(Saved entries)
# # # # #
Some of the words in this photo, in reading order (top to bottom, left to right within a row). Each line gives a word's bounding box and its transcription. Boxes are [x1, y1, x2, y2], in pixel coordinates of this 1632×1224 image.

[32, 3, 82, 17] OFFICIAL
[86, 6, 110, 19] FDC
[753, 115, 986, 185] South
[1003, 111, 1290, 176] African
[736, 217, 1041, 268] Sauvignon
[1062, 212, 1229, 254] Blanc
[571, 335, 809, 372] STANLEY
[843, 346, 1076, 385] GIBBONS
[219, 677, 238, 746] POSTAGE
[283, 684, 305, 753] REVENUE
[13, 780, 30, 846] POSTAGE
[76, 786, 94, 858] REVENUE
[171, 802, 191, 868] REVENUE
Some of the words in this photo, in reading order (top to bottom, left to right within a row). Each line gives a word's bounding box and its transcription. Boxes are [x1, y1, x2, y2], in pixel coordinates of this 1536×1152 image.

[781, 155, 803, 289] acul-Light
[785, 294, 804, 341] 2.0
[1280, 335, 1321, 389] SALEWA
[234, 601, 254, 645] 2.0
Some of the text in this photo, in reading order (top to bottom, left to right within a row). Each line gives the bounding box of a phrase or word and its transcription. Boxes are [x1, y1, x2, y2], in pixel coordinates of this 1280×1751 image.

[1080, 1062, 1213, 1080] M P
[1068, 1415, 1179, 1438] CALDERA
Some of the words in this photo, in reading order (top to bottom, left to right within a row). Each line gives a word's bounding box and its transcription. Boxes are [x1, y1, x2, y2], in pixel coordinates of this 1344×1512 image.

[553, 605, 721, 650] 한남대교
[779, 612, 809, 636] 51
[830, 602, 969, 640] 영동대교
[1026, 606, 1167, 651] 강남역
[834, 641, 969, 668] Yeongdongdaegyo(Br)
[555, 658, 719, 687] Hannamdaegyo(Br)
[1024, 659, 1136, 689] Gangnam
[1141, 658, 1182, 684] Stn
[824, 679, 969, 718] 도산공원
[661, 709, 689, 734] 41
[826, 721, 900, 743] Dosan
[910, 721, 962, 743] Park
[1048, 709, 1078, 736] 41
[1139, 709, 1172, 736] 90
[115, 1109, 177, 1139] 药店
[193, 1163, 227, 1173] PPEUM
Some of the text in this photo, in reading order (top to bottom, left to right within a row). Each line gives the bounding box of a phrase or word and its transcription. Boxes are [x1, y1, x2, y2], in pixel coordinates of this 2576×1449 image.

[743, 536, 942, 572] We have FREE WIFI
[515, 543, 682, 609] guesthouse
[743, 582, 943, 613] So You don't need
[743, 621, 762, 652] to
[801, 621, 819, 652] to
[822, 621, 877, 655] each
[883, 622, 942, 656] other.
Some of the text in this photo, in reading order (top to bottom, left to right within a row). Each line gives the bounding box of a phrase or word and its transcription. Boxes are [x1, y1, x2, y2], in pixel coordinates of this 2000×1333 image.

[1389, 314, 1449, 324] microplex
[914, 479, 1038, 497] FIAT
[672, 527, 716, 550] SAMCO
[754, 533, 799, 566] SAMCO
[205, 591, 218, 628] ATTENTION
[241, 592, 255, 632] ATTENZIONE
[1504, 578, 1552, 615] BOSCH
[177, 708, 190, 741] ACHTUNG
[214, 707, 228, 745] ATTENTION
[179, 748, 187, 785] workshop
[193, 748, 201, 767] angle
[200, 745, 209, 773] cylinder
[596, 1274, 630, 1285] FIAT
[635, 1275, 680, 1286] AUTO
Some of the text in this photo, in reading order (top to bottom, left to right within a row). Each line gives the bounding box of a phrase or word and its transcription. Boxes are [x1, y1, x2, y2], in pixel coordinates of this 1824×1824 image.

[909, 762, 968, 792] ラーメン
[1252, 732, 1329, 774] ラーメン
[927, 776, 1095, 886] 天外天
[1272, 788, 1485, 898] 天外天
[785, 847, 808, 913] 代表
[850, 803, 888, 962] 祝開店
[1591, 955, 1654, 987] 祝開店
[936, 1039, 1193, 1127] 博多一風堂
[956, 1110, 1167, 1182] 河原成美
# # # # #
§ **Exercise**: Produce a word-for-word copy of all the entries above.

§ **The answer**:
Some of the words in this photo, in reading order (top to bottom, left to right within a row). Each line gives a word's bounding box and its transcription. Boxes are [x1, y1, x2, y2], in pixel coordinates of this 1632×1224 image.

[32, 3, 82, 17] OFFICIAL
[86, 6, 110, 19] FDC
[753, 115, 986, 185] South
[1003, 111, 1290, 176] African
[736, 217, 1041, 268] Sauvignon
[1062, 212, 1229, 254] Blanc
[571, 335, 809, 372] STANLEY
[843, 346, 1076, 385] GIBBONS
[219, 677, 238, 746] POSTAGE
[283, 684, 305, 753] REVENUE
[13, 780, 30, 846] POSTAGE
[76, 786, 94, 858] REVENUE
[171, 802, 191, 868] REVENUE
Some of the words in this photo, in reading order (top to bottom, left to right within a row). Each line gives a word's bounding box and its transcription. Boxes are [x1, y1, x2, y2], in pixel coordinates of this 1536×1152 image.

[781, 155, 803, 289] acul-Light
[785, 294, 804, 341] 2.0
[1280, 335, 1321, 389] SALEWA
[234, 601, 254, 645] 2.0
Some of the text in this photo, in reading order (top to bottom, left to right within a row). Each line gives the bounding box of a phrase or word and its transcription. Boxes are [x1, y1, x2, y2], in pixel coordinates of this 1280×1751 image.

[1080, 1062, 1213, 1080] M P
[1068, 1415, 1179, 1438] CALDERA
Some of the words in this photo, in reading order (top to bottom, left to right within a row). Each line gives a word's bounding box and its transcription. Boxes are [x1, y1, x2, y2], in pixel coordinates of this 1344×1512 image.

[553, 605, 721, 650] 한남대교
[779, 612, 809, 636] 51
[830, 602, 969, 640] 영동대교
[1026, 606, 1167, 651] 강남역
[834, 641, 969, 668] Yeongdongdaegyo(Br)
[555, 658, 719, 687] Hannamdaegyo(Br)
[1024, 659, 1136, 689] Gangnam
[1141, 658, 1182, 684] Stn
[824, 679, 969, 718] 도산공원
[661, 709, 689, 734] 41
[826, 721, 900, 743] Dosan
[910, 721, 962, 743] Park
[1048, 709, 1078, 736] 41
[1139, 709, 1172, 736] 90
[115, 1109, 177, 1139] 药店
[193, 1163, 227, 1173] PPEUM
Some of the text in this photo, in reading order (top to bottom, left to right within a row). Each line gives the bounding box of a phrase or word and its transcription. Boxes are [x1, y1, x2, y2], in pixel coordinates of this 2576×1449 image.

[743, 536, 942, 572] We have FREE WIFI
[515, 543, 682, 609] guesthouse
[743, 582, 943, 613] So You don't need
[743, 621, 762, 652] to
[801, 621, 819, 652] to
[822, 621, 877, 655] each
[883, 622, 942, 656] other.
Some of the text in this photo, in reading order (top to bottom, left to right within a row). Each line gives the bounding box of a phrase or word and its transcription. Boxes are [x1, y1, x2, y2], in pixel coordinates of this 2000×1333 image.

[1389, 314, 1449, 324] microplex
[914, 479, 1038, 497] FIAT
[672, 527, 716, 550] SAMCO
[754, 533, 799, 566] SAMCO
[205, 591, 218, 628] ATTENTION
[241, 592, 255, 632] ATTENZIONE
[1504, 578, 1552, 615] BOSCH
[177, 708, 190, 741] ACHTUNG
[214, 707, 228, 745] ATTENTION
[179, 748, 187, 785] workshop
[193, 748, 201, 767] angle
[200, 745, 209, 773] cylinder
[596, 1274, 630, 1285] FIAT
[635, 1275, 680, 1286] AUTO
Some of the text in this photo, in reading order (top to bottom, left to right within a row). Each line gives the bounding box of a phrase or word and its transcription. Boxes are [x1, y1, x2, y2], in pixel coordinates of this 1824×1824 image.

[909, 762, 968, 792] ラーメン
[1252, 732, 1329, 774] ラーメン
[927, 776, 1095, 886] 天外天
[1272, 788, 1485, 898] 天外天
[785, 847, 808, 913] 代表
[850, 803, 888, 962] 祝開店
[1591, 955, 1654, 987] 祝開店
[936, 1039, 1193, 1127] 博多一風堂
[956, 1110, 1167, 1182] 河原成美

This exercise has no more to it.